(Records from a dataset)

********************

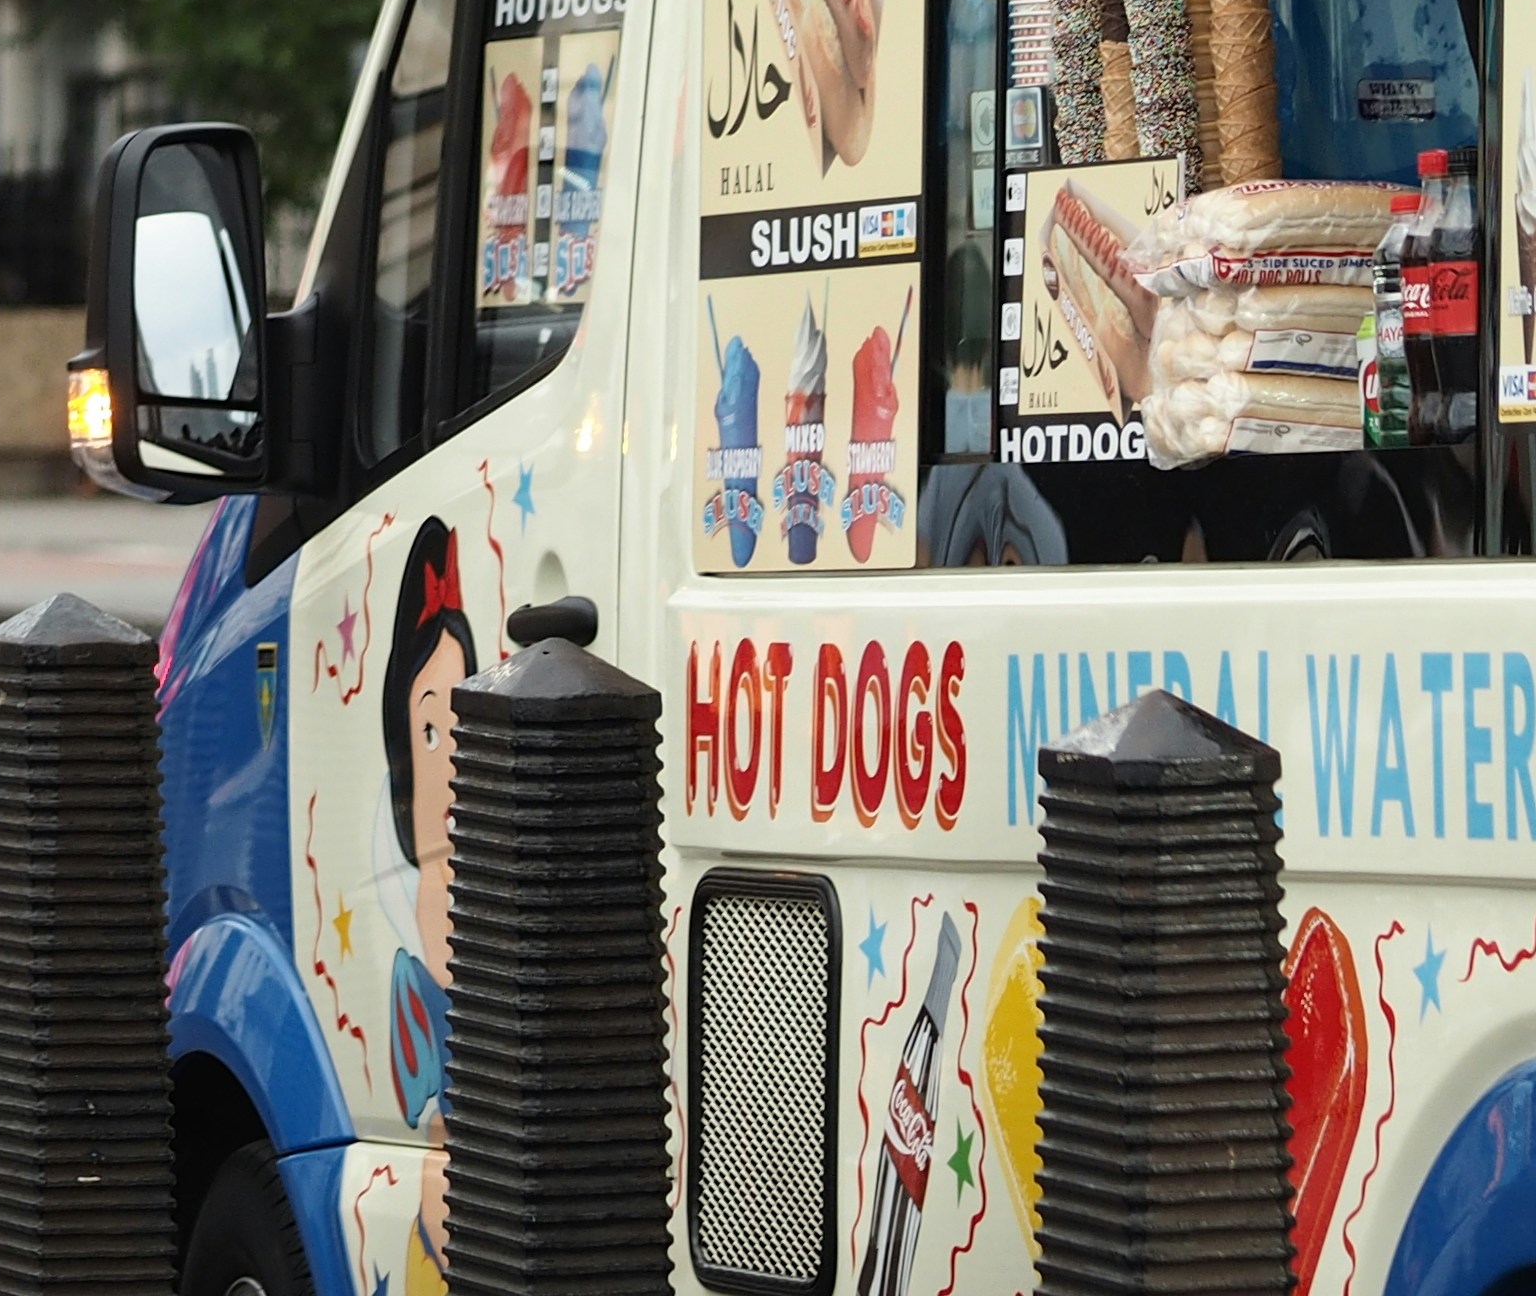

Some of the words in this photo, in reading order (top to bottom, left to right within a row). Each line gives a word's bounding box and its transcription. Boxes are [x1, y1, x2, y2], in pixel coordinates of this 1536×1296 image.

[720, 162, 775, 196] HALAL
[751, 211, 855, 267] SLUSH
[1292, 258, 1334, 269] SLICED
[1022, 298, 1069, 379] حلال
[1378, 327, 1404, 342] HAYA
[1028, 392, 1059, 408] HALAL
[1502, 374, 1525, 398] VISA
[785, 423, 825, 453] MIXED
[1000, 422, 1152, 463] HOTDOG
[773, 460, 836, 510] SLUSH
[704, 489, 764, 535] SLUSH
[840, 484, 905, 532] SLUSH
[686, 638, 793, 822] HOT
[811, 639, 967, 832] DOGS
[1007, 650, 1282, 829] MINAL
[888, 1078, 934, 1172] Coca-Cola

********************

■ **WHAT IS REQUIRED**
Print the records again exactly, without the pictures.

■ **RESULT OF THE EXERCISE**
Some of the words in this photo, in reading order (top to bottom, left to right within a row). Each line gives a word's bounding box and its transcription. Boxes are [x1, y1, x2, y2], in pixel coordinates of this 1536×1296 image.

[720, 162, 775, 196] HALAL
[751, 211, 855, 267] SLUSH
[1292, 258, 1334, 269] SLICED
[1022, 298, 1069, 379] حلال
[1378, 327, 1404, 342] HAYA
[1028, 392, 1059, 408] HALAL
[1502, 374, 1525, 398] VISA
[785, 423, 825, 453] MIXED
[1000, 422, 1152, 463] HOTDOG
[773, 460, 836, 510] SLUSH
[704, 489, 764, 535] SLUSH
[840, 484, 905, 532] SLUSH
[686, 638, 793, 822] HOT
[811, 639, 967, 832] DOGS
[1007, 650, 1282, 829] MINAL
[888, 1078, 934, 1172] Coca-Cola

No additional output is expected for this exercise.